Portrait Drawing


step 1

Fold a piece of paper in half vertically so that there is a “foldline” down the middle.

step 2

Draw out a vertical rectangle 8” tall x 6” wide, centered on the paper. The foldline should fall in the middle of the rectangle (at 3”).

step 3

Along the vertical center line, make a mark at 0” and a mark at 8”.

step 4


Make a mark on left and right sides at halfway point (4”) and connect marks lightly with pencil to create the horizontal centerline. This will be the eye line.

step 5

Within the rectangle, draw an upside down egg, (it should taper closer at the bottom). Students should draw large starting the top
of the egg (head) about an inch or two from the top of the paper and coming down to about the same distance from the bottom of the page. The egg should be symmetrical along the vertical line created by the fold.

step 6

Draw a second horizontal guiding line 2” below the eye line, this is the nose line and is halfway between the centerline and the chin.
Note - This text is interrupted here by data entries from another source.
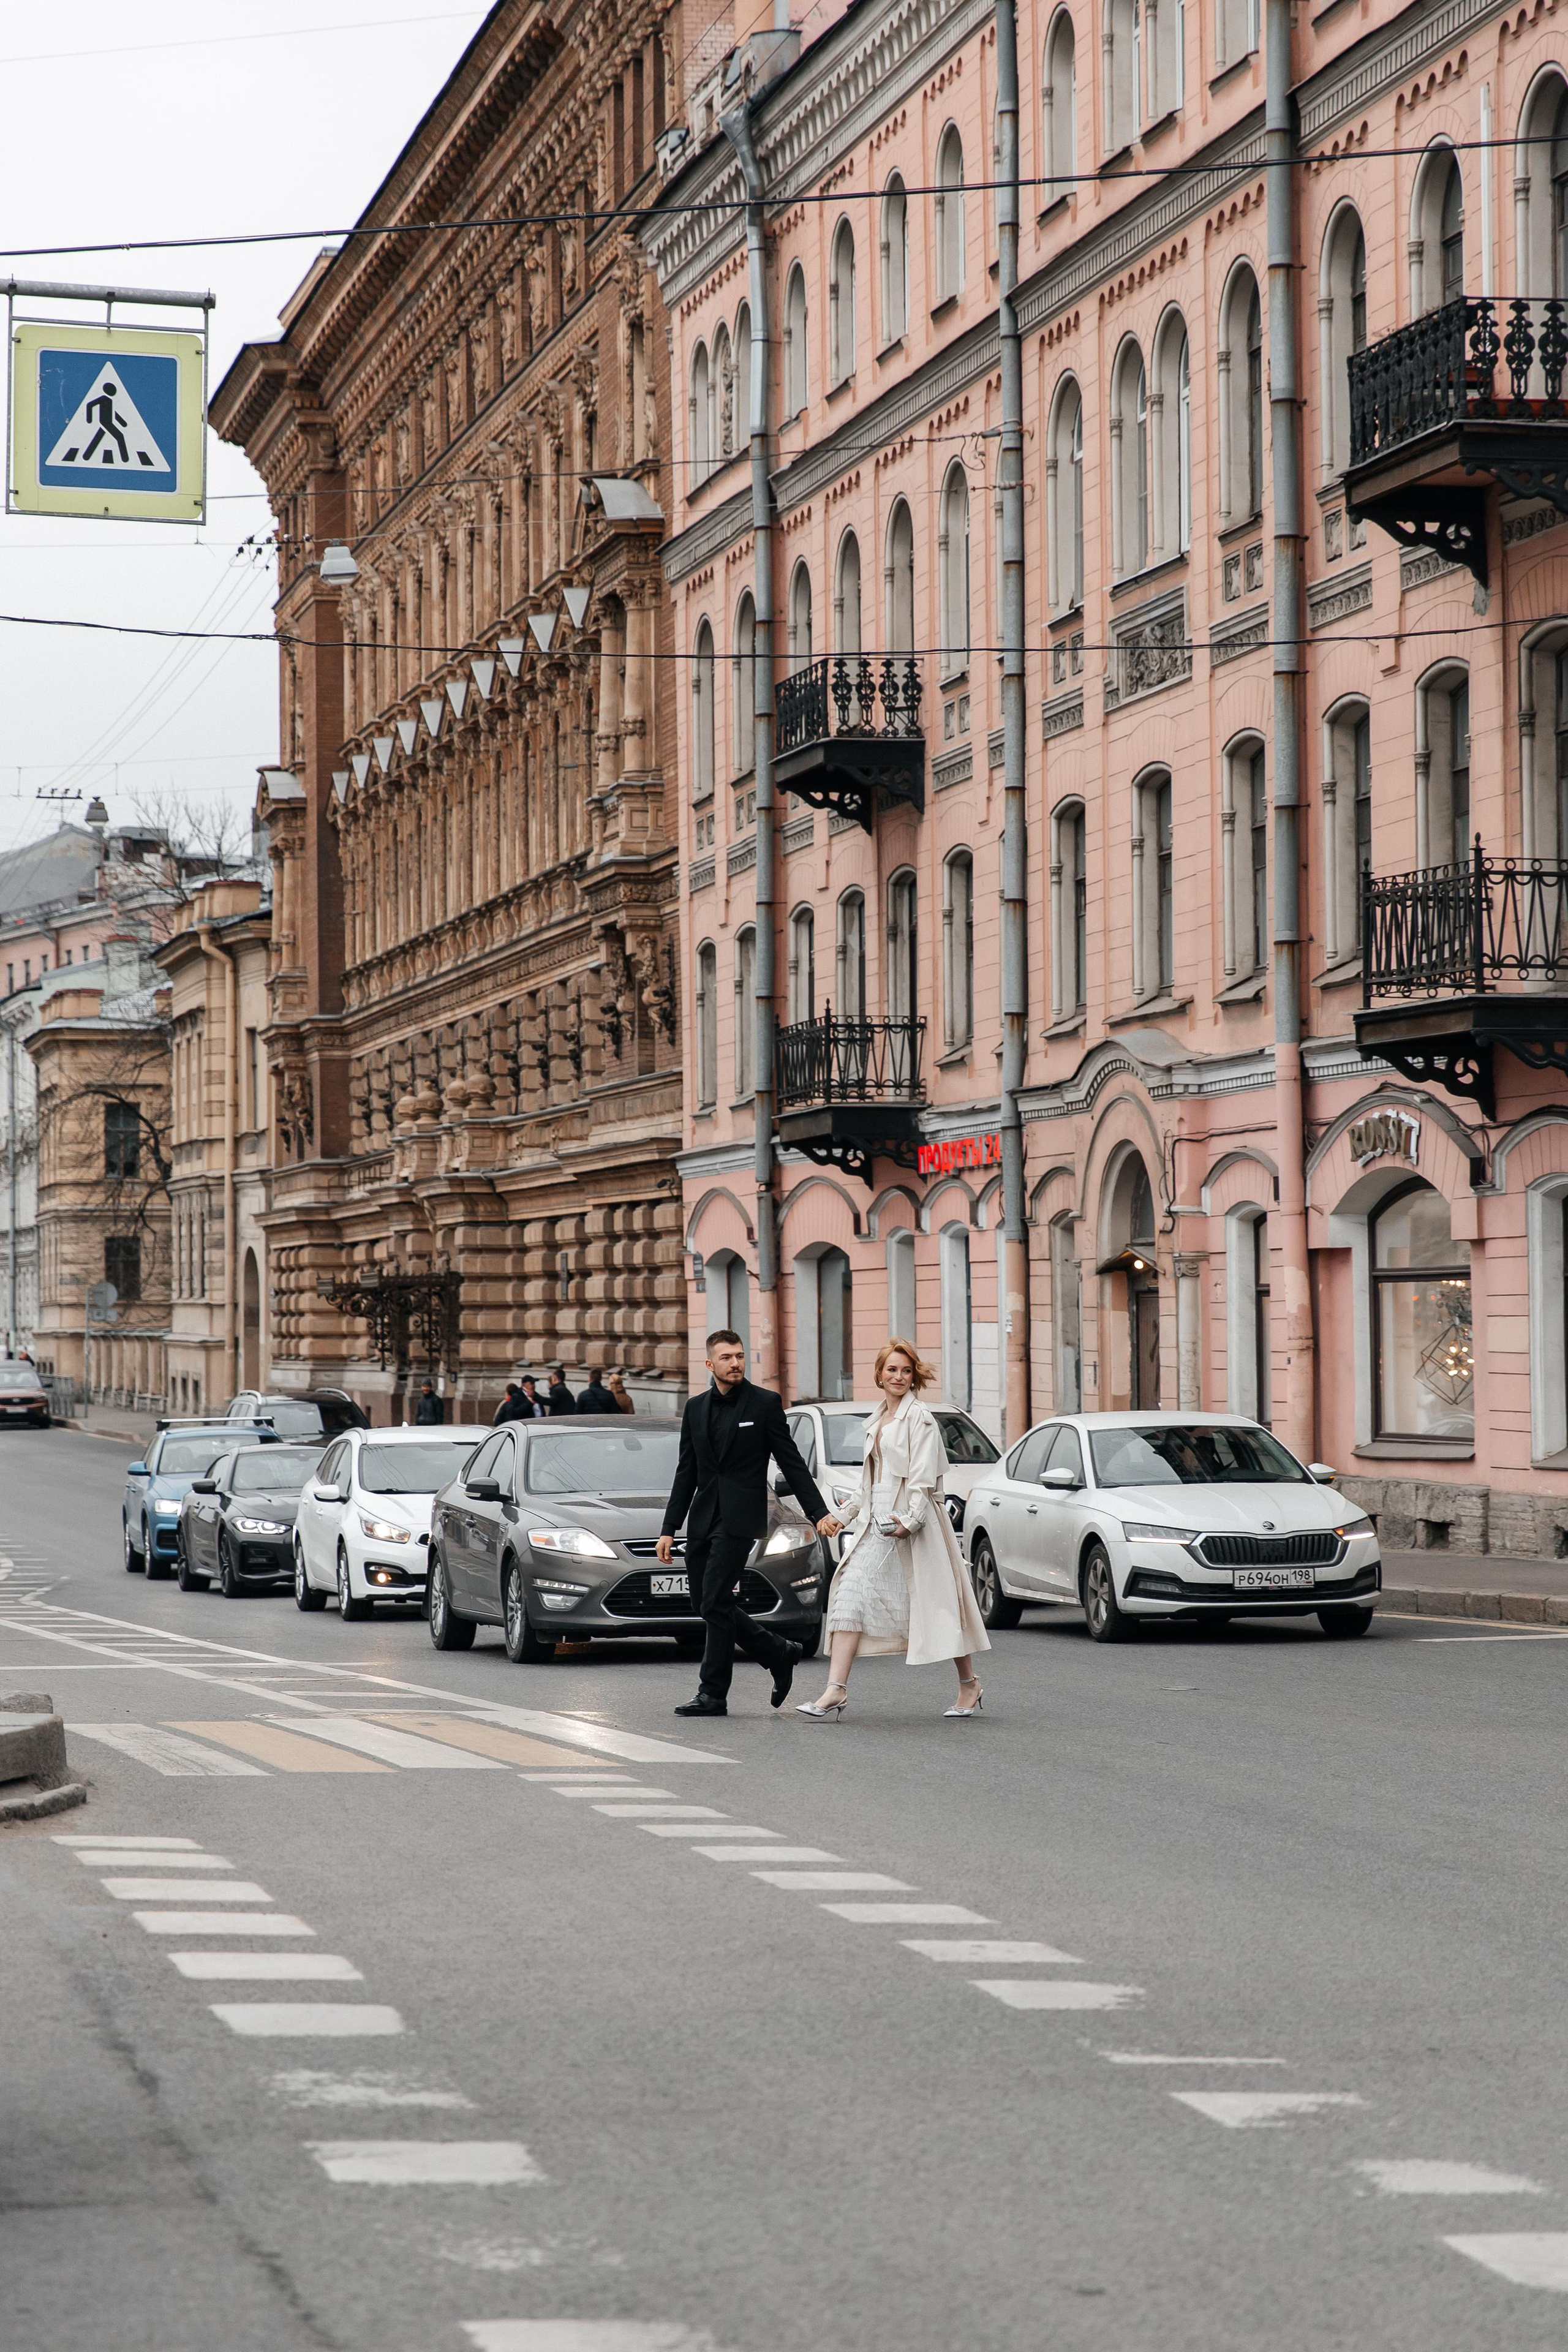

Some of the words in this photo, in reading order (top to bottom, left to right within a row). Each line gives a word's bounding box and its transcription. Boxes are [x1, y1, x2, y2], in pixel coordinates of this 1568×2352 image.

[918, 1136, 982, 1175] ПРОДУКТЫ
[985, 1133, 1001, 1163] 24
[1291, 1570, 1310, 1580] 198
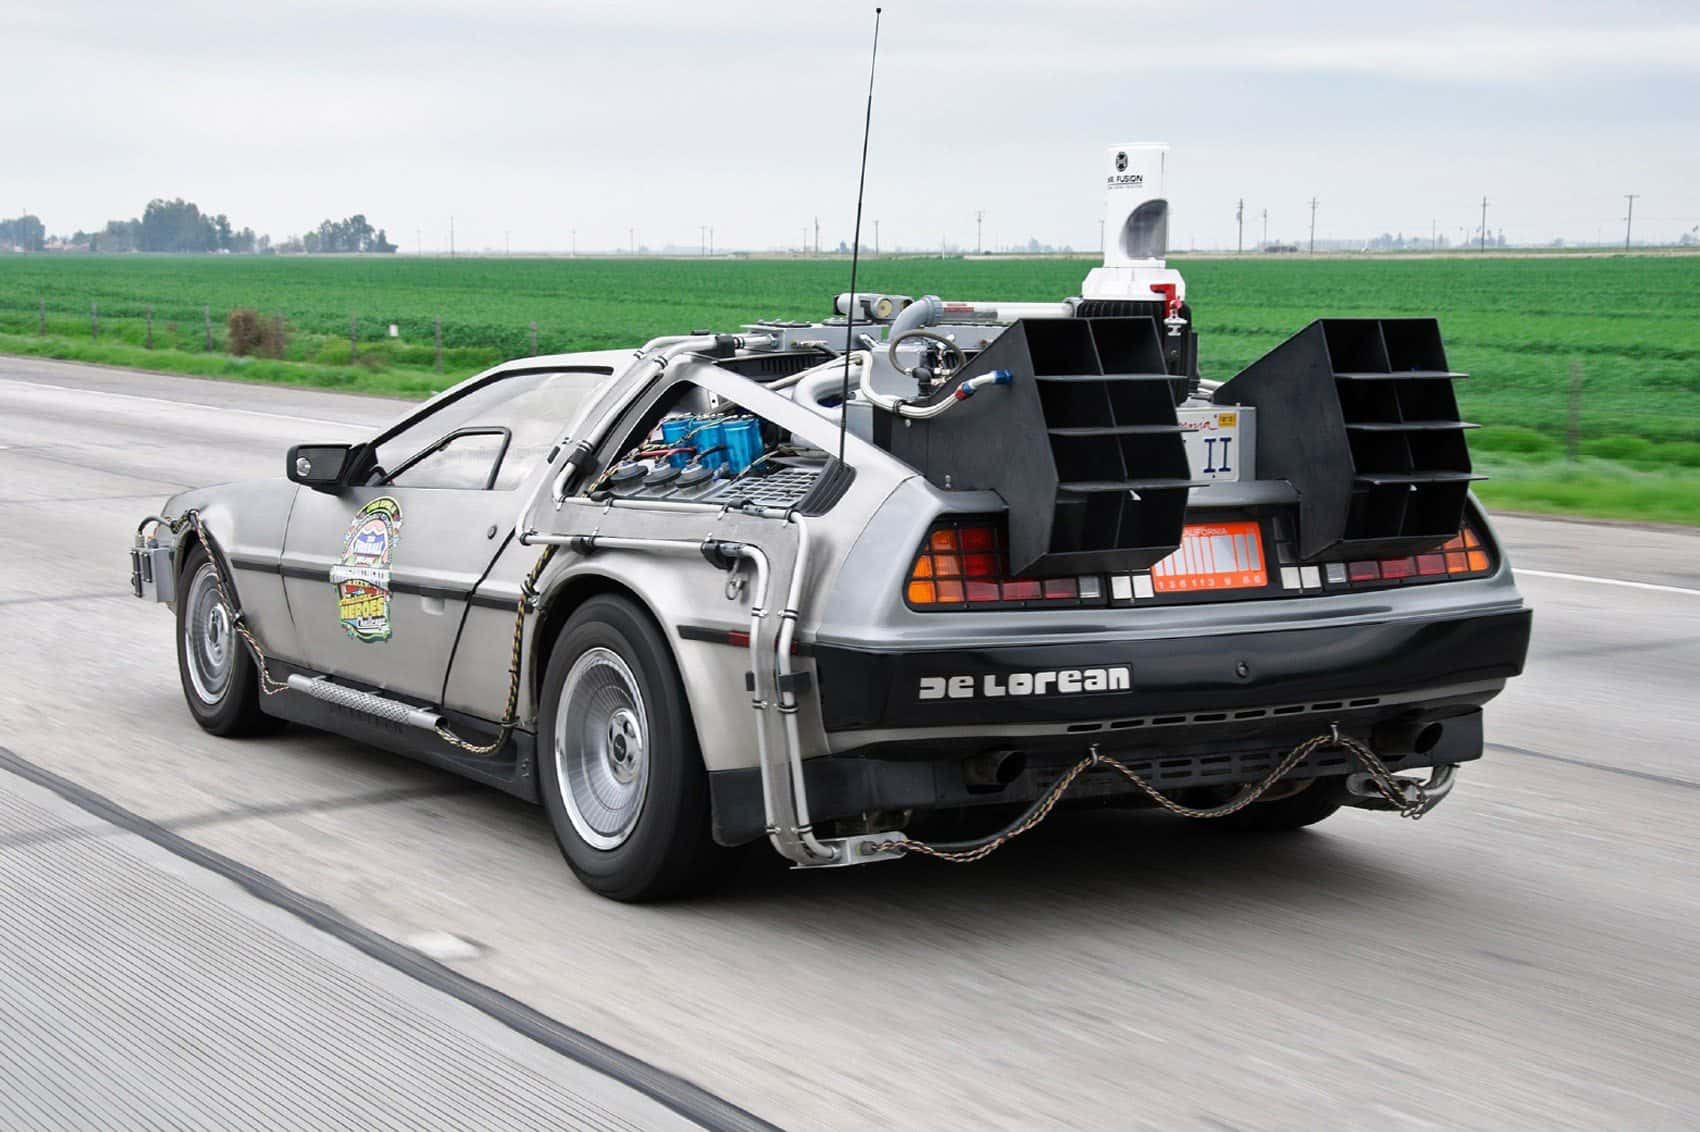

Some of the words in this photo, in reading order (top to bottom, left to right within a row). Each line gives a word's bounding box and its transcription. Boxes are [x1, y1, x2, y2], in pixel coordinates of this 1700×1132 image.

[1116, 174, 1143, 183] FUSION
[1203, 437, 1232, 473] II
[1182, 528, 1227, 537] ALIFORNIA
This line will guide the placement of the nose.

step 7

Draw a third horizontal guiding line that is 1” below the nose line, halfway between the nose line and the bottom of the chin. This line will guide the placement of the lips. Remind the students that guiding lines should be drawn lightly.

step 8

Eyes: For guiding proportions, draw in five
equal sized eyes along the eye line. To do this,
start with one eye directly in the middle. From
there, draw in two more equal sized eyes on
each side.

step 9

Nose: The width of the nose is determined by the width of the center “guiding” eye. Draw two vertical guiding lines down from
the corners of the guiding eye to the nose line. At the middle and above the guiding nose line, draw a small curve like a bowl. On each side, draw two small hooks that curve inward towards the small curve.

step 10

Mouth: The width of the mouth is determined by the pupils in the eyes. Draw two vertical guiding lines down from the middle of the eyes to the mouth line. The mouth will also sit above the horizontal guiding line. For the top lip, draw in an organic line similar to a seagull flying that is centered between, and connects, the mouth width guiding lines from step 8. Demonstrate on the overhead. For the bottom lip, draw in a curve that connects the two mouth width guiding lines. Draw in a line that separates the top lip from the bottom lip. This is rarely a straight line--have the students determine the mouth line’s curve in the mirror.

step 11

Ears: The length of the ears is determined by the distance between the eye line and the nose line. Have the student verify this on their own face. Draw in two curve shapes as guides for the ears.

step 12

Hairline: As a general rule, the hairline is about halfway between the eye line and the top of the head. The hairline should be an inch or two below the top of the head, and hair should extend past the top unless the style is close-cropped. The hairstyle is a totally personal choice and can be drawn in with multiple lines.

step 13

Neck: The neck is a bit tricky. You do not want the neck to be too narrow or too wide. Demonstrate on the overhead how this will
look silly. Starting from the bottom of the ears and following the chin line down, draw a slightly curved line that starts to move away
from the face at an appropriate point.

step 14

Finishing the Eye: With heavier lines, draw in the two eyes over the guiding lines from step 6. Draw in another “rolling hill” line
on top of each eye for the top eyelid. Draw in the iris of each eye. The iris is not a circle in the center of the eye. The circle of the iris gets cut off at the top from the eyelid and a little on the bottom. A reminder that a finished eye is not a circle, but more like the shape of a football. Draw in the eyebrows reminding the students that they should not be too close to the eye. Again, refer to their mirrors. *Hint for drawing a pupil. Draw a circle near the center of the eye that serves as a point of light. Draw another circle behind the point of light and fill it in, leaving the point of light circle unfilled.

step 15

At this juncture or any other point throughout the instruction, remind your students that they can always modify. Ask them to pick up their portraits and hold them farther away to get a better view.

Ask the students if anything is missing. This is a step that activates paying attention to detail, which will be important when
doing self-portraits.

step 16

Finish the Portrait: Erase all unnecessary guiding lines. Paying attention to detail, students can begin to add value to the
portrait by adding shading and drawing in details, such as those two lines underneath the nose or bags below the eyes.


For several minutes, have the students closely look at themselves in the mirror. Remind them to pay attention to detail. Drawing is 10% skill and 90% observation.
During this exercise, the students should be spending most of their time looking in the mirror and not at their paper. The mirrors should be situated so that the reflection is a front view at eye level.

Repeat steps to develop all the necessary guiding lines. The students should use these steps only as guides, as each student should pay special attention to the observations of their own reflections in the mirror. For example, a student may notice that the mouth line is actually higher on his/her face or that his/her eyes are not completely symmetrical.